Bill Willis personal archive

Seduced by this magical playground, many of them built their secret garden inside the ramparts of the medina, like Paul Getty, who asked his friend Willis to restore the magnificent Zahia palace (later taken over by Alain Delon then Bernard-Henri Lévy). This will be the architect's first work in Morocco. Willis embodies pure chic with his Montgomery Clift physique. Same charming look, framed by high cheekbones, but with green eyes and curly black hair. “I have never met someone so glamorous. Bill had exceptional taste and style. It's a pity that Marianne [Faithfull] is traveling, she would have liked to talk to you about him, ”says Bill Strongi, a former friend of the architect, reached by telephone in Italy. With the English singer and a handful of others, this former hairdresser is one of the rare survivors of this merry band who was not carried away by AIDS or the abuse of parties, kif and cocaine. Missing the art dealer Robert Fraser, missing Joe McPhilipps, director of the American School of Tangier or Preston Scott, the old college classmate, missing the beautiful Talitha Getty, killed by an overdose at the age of 30, missing the couturier Yves Saint Laurent, to whom Morocco owes so much.

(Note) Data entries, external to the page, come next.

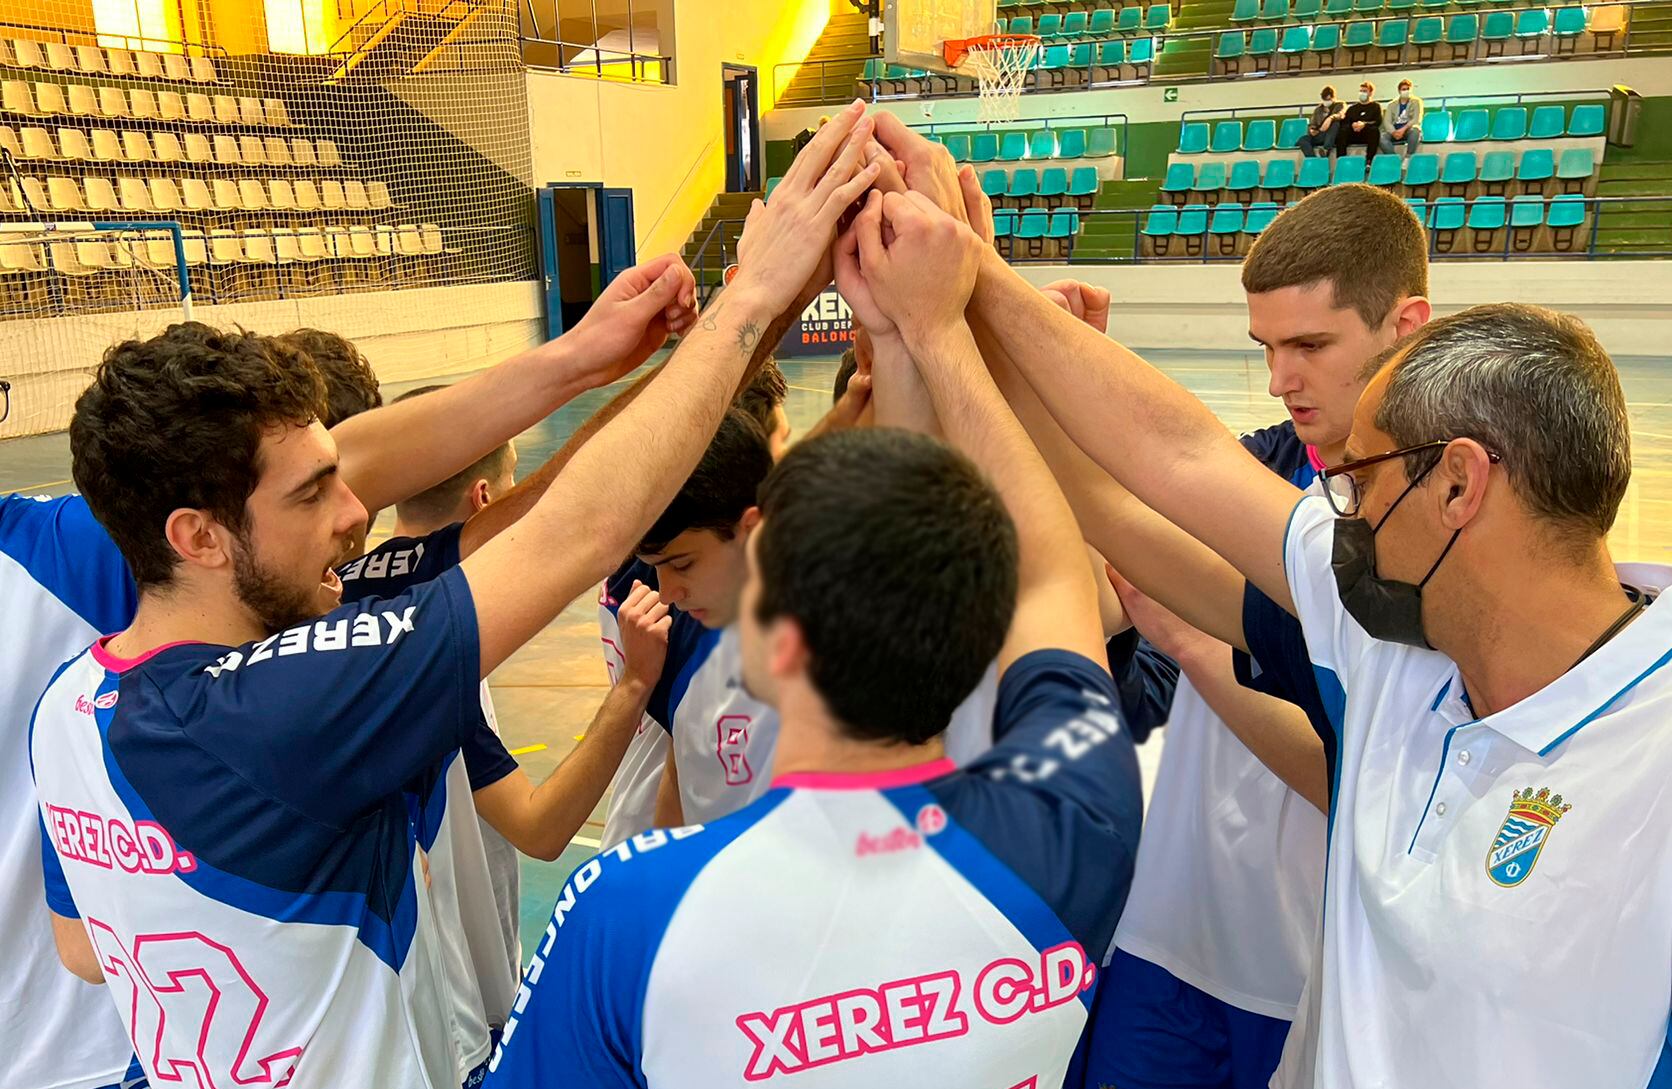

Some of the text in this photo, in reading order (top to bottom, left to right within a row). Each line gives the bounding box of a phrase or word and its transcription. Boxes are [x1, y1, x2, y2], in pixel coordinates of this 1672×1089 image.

[801, 322, 828, 331] CLUB
[247, 606, 416, 666] XEREZ
[107, 819, 198, 875] C.D.
[1493, 828, 1546, 865] XEREZ
[736, 940, 1097, 1081] XEREZ C.D.

“At the time, Marrakech was a sleeping princess shunned by the Rabatis and the Casaouis,” recalls Quito Fierro, the secretary general of the Majorelle garden, who knew Willis well. The palm grove is still wild. Jacqueline Foissac, her mother, now 89 years old, was one of those pioneers who acquired land to build there in 1968. “We didn't have electricity but we gave incredible parties every night! The city then has no more than one nightclub and two bars where alcohol is served. But it is behind the scenes, in private parties, that the party takes place. The most sumptuous villas open onto lush gardens tamed by the best landscape designers, such as Madison Cox, author of the Majorelle garden and that of the Oasis villa, residence of Pierre Bergé and the late Saint Laurent.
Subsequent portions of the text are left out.